Back in 1911 at the Gerzeh cemetery, roughly 43 miles south of Cairo, Egypt, strings of iron beads were excavated from a grave. They were estimated to be around 5,000 years old, and when analyzed, it was concluded that because of their rich composition of nickel and iron, they may have been made from a fallen meteorite.
An interesting fact is that these beads are the earliest known artifacts in the world and date back 2,000 years before iron smelting was performed in that region.
In the 1980s, the theory of these beads being made from a meteorite was challenged. It was thought they were, in fact, attempts at iron smelting.
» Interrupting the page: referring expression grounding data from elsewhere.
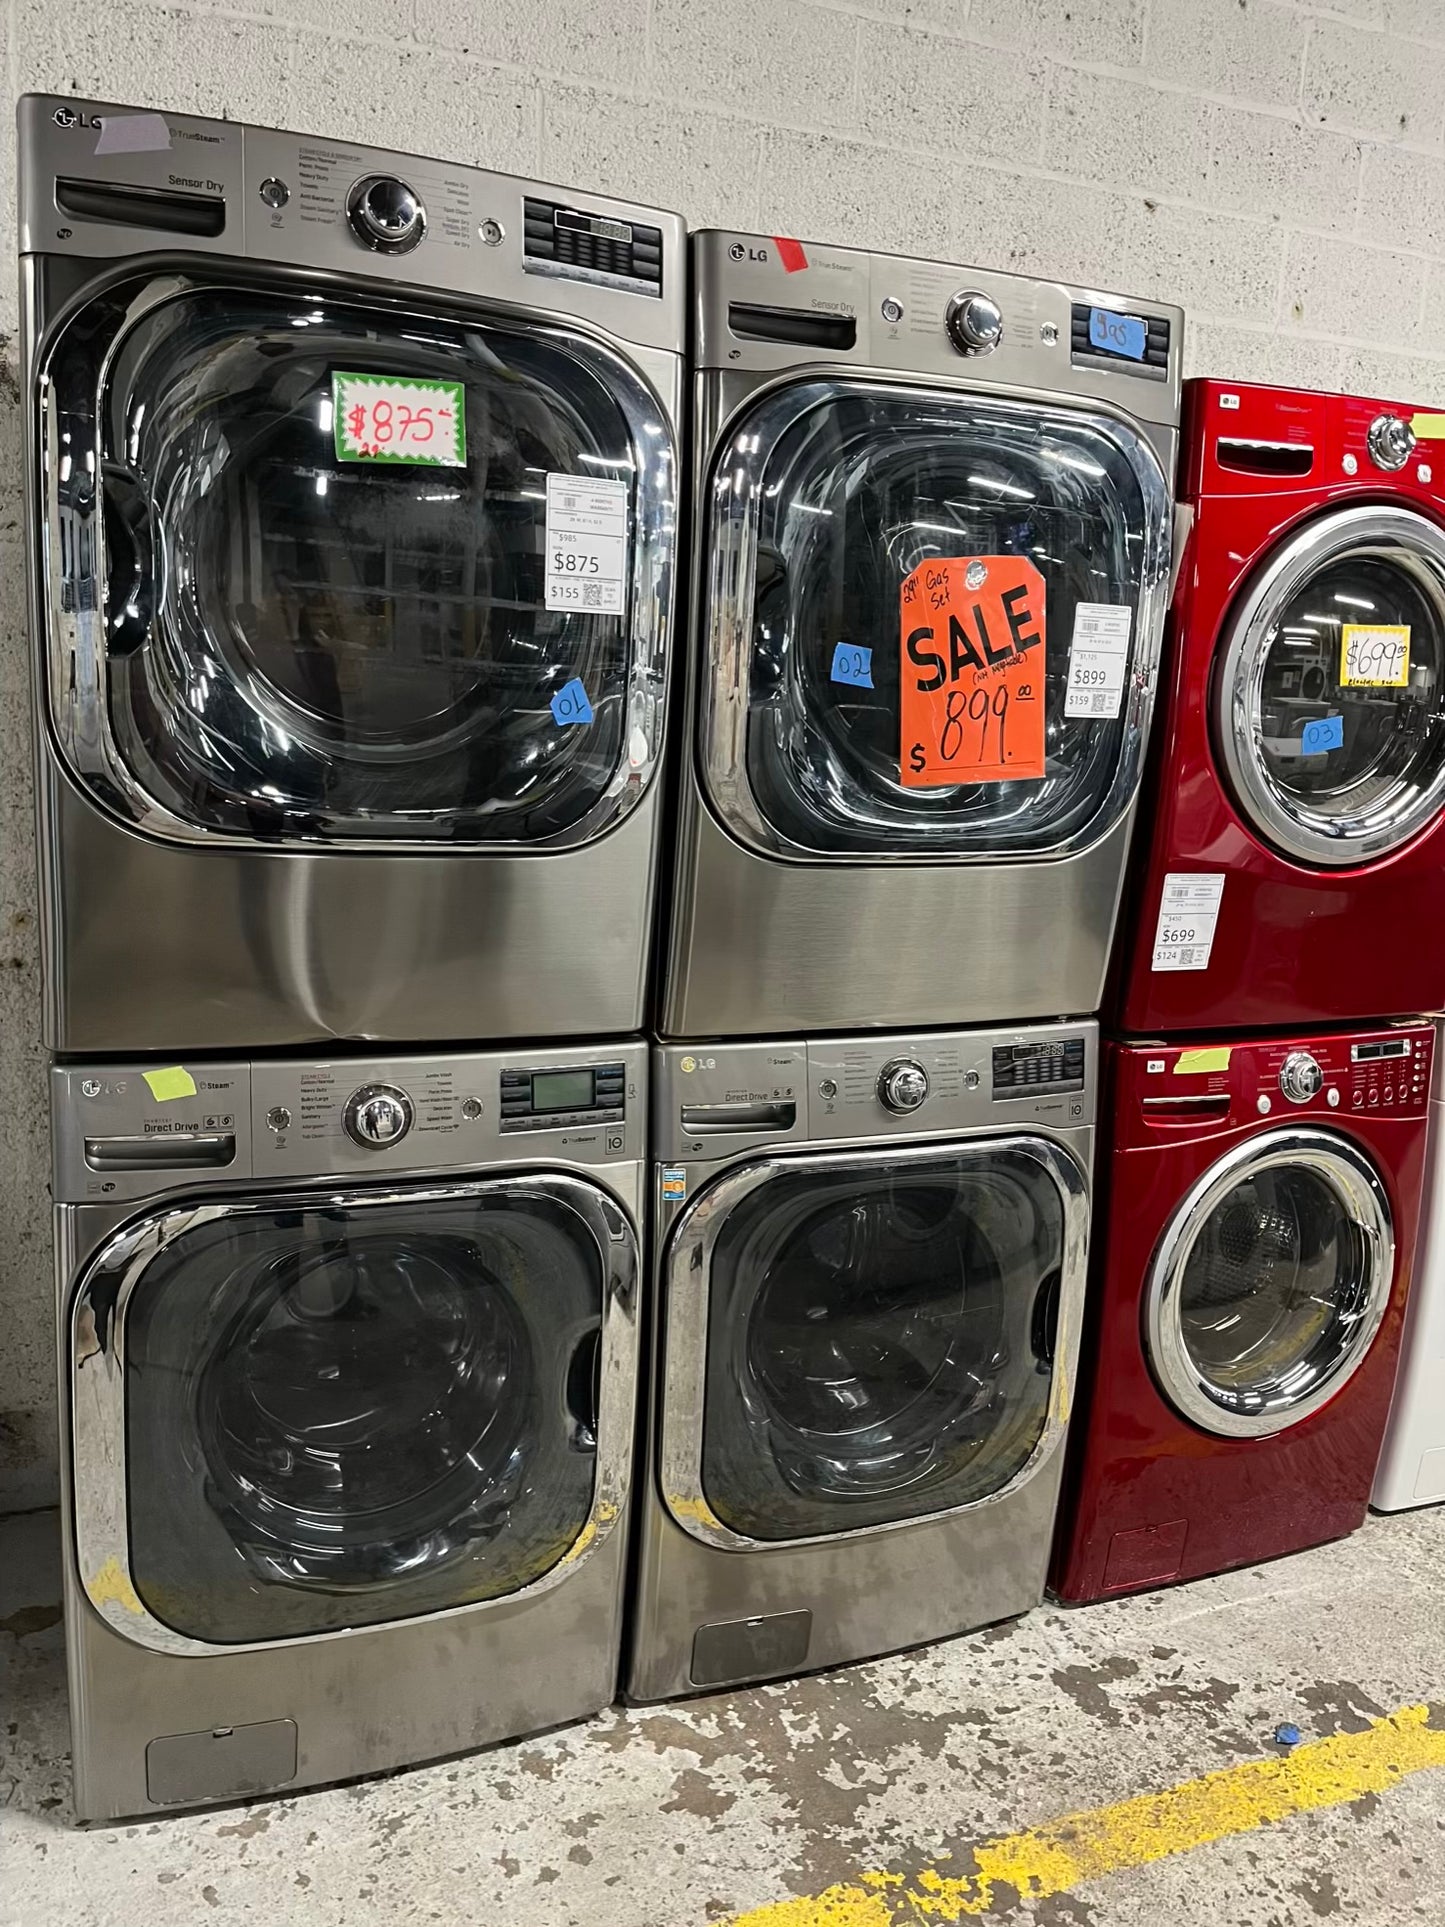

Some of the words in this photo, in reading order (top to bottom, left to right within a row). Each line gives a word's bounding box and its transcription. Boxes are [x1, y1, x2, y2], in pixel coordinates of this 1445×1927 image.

[168, 174, 203, 189] Sensor
[206, 179, 225, 194] Dry
[749, 248, 768, 263] LG
[811, 298, 840, 311] Sensor
[840, 302, 855, 314] Dry
[559, 533, 577, 542] $985
[554, 551, 599, 573] $875
[926, 568, 950, 590] Gas
[551, 586, 579, 599] $155
[931, 589, 951, 610] Set
[907, 584, 1042, 692] SALE
[838, 652, 871, 678] 02
[1074, 669, 1106, 686] $899
[1069, 695, 1089, 705] $159
[1308, 723, 1334, 744] 03
[1162, 928, 1195, 944] $699
[1157, 951, 1177, 960] $124
[697, 1058, 716, 1070] LG
[104, 1080, 127, 1095] LG
[725, 1093, 748, 1102] Direct
[749, 1092, 768, 1101] Drive
[144, 1122, 172, 1133] Direct
[174, 1122, 199, 1132] Drive
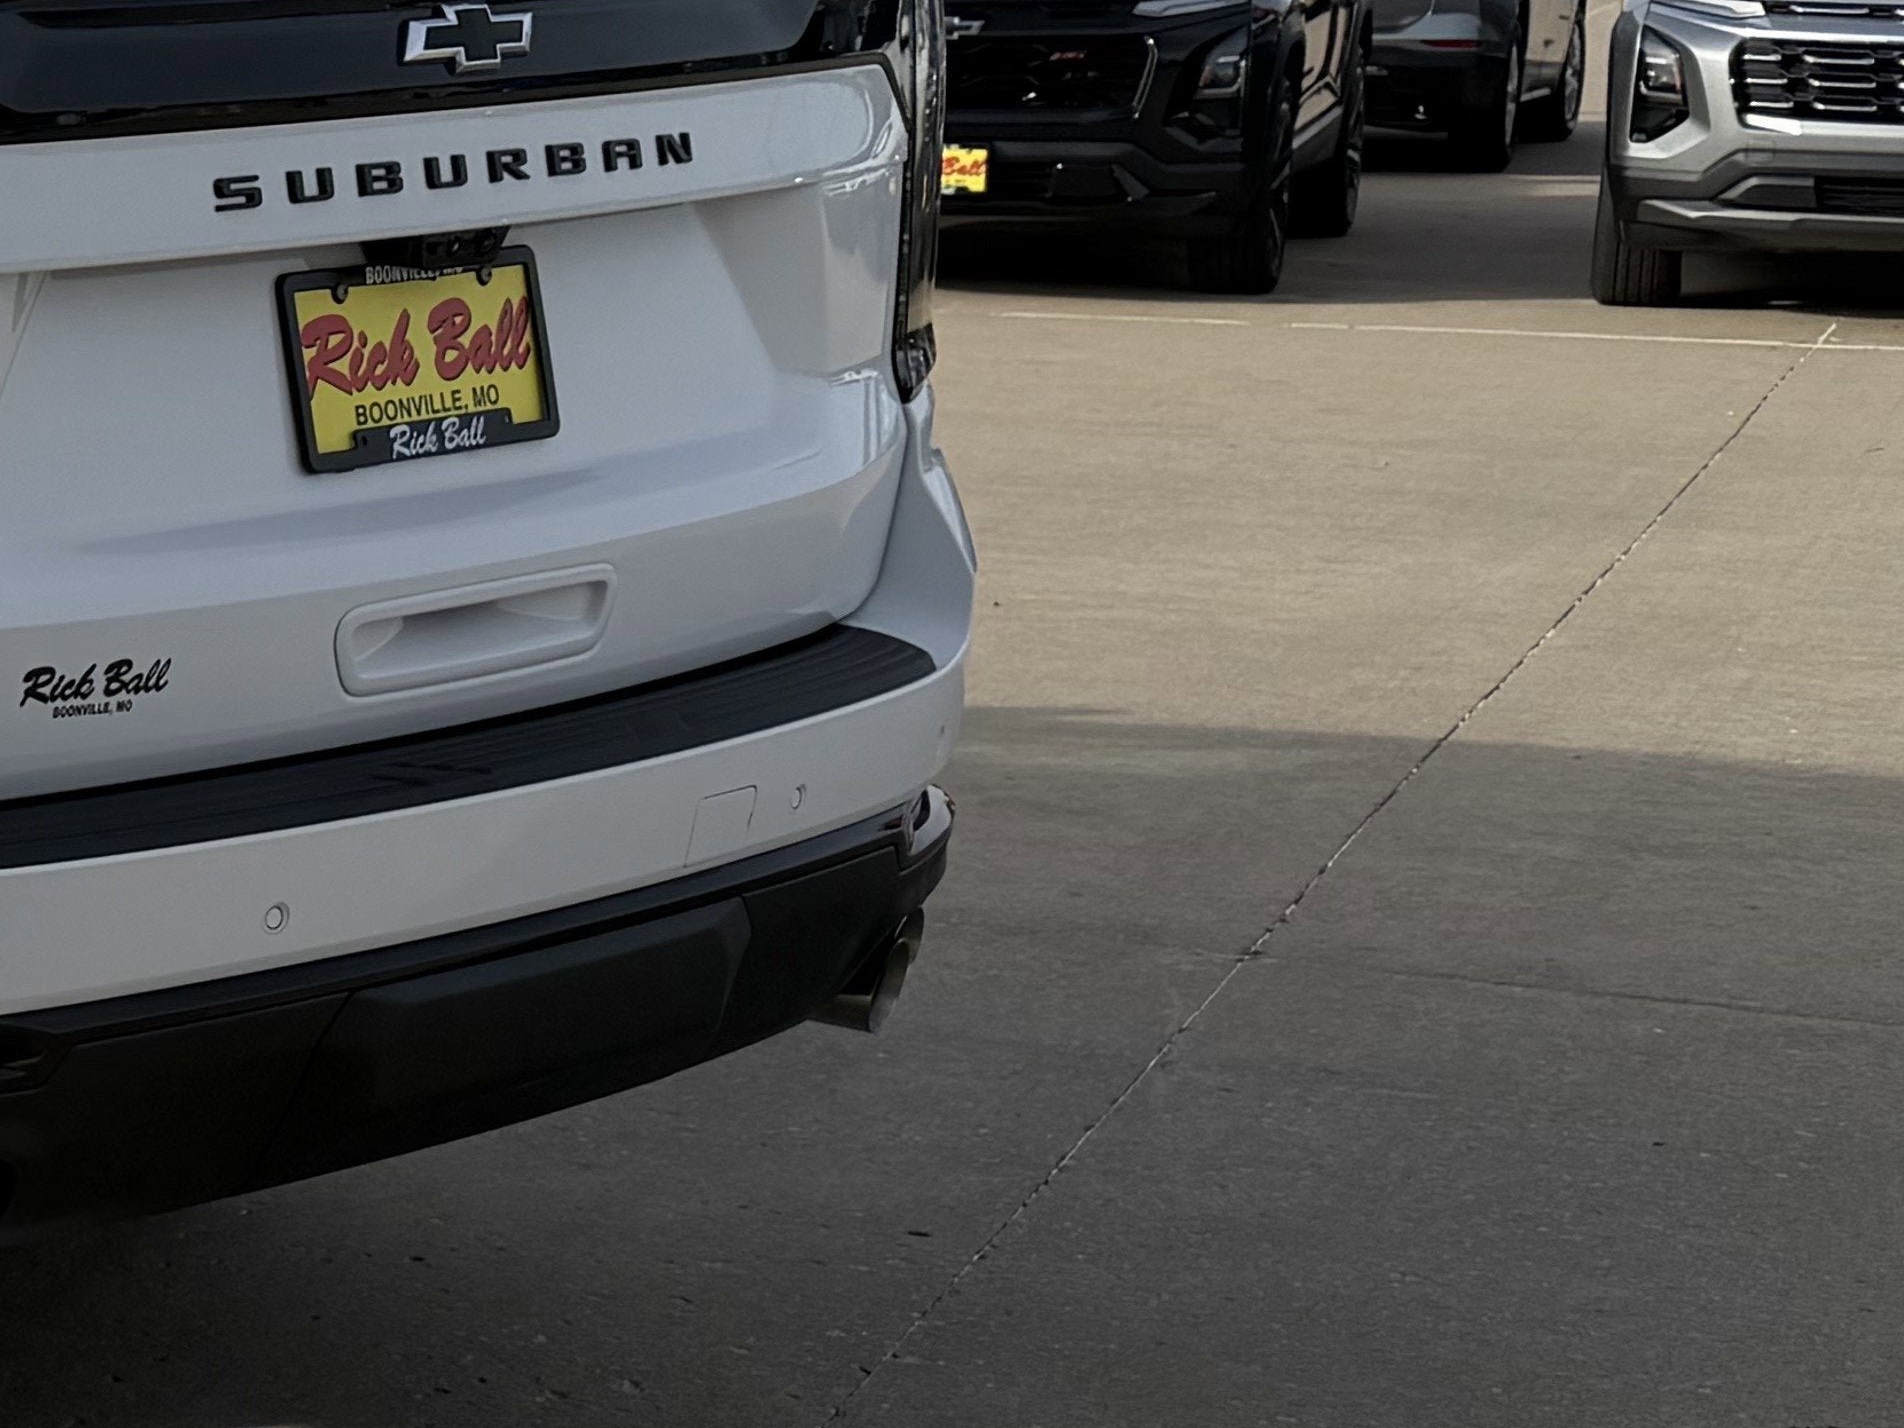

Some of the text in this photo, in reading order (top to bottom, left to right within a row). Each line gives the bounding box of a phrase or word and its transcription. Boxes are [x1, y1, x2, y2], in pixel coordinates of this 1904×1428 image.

[212, 132, 693, 213] SUBURBAN
[301, 296, 531, 401] Rick Ball
[355, 383, 500, 426] BOONVILLE, MO
[390, 416, 487, 460] Rick Ball
[20, 657, 172, 707] Rick Ball
[52, 698, 133, 719] BOONVILLE, MO
However, recently a meteorite scientist, Diane Johnson from the Open University in Milton Keynes, UK, borrowed one of the beads from the museum and scanned it using electron microscopy and computed tomography.
Ms. Johnson said, “The research highlights the application of modern technology to ancient materials not only to understand meteorites better but also to help us understand what ancient cultures considered these materials to be and the importance they placed upon them.”
The results was the metal had a crystalline structure called a Widmanstatten pattern, which is only found in iron meteorites that have been cooled slowly inside their parent asteroids. It was also found that the beads were not made by the typical carving or drilling like other beads found in the same tomb; they were made from hammering multiple times.
“These beads were made from meteoritic iron, and shaped by careful hammering of the metal into thin sheets before rolling them into tubes,” researchers noted. Then the beads were strung together with other precious minerals.
Professor of Materials Science at the University of Manchester, Phillip Withers stated, “Meteorites have a unique micro-structural and chemical fingerprint because they cooled incredibly slowly as they traveled through space. It was really interesting to find that fingerprint turn up in Egyptian artifacts.”
“The sky was very important to the ancient Egyptians,” says Joyce Tyldesley, an Egyptologist at the University of Manchester, UK. She added, “Something that falls from the sky is going to be considered as a gift from the gods.”
She also said, “Today, we see iron first and foremost as a practical, rather dull metal. To the ancient Egyptians, however, it was a rare and beautiful material which, as it fell from the sky, surely had some magical/religious properties. They therefore used this remarkable metal to create small objects of beauty and religious significance which were so important to them that they chose to include them in their graves.”
Last year, German scientists discovered a Buddha statue that they said dated between the eighth and tenth centuries and was also carved from a meteorite, though it was later deemed a fake.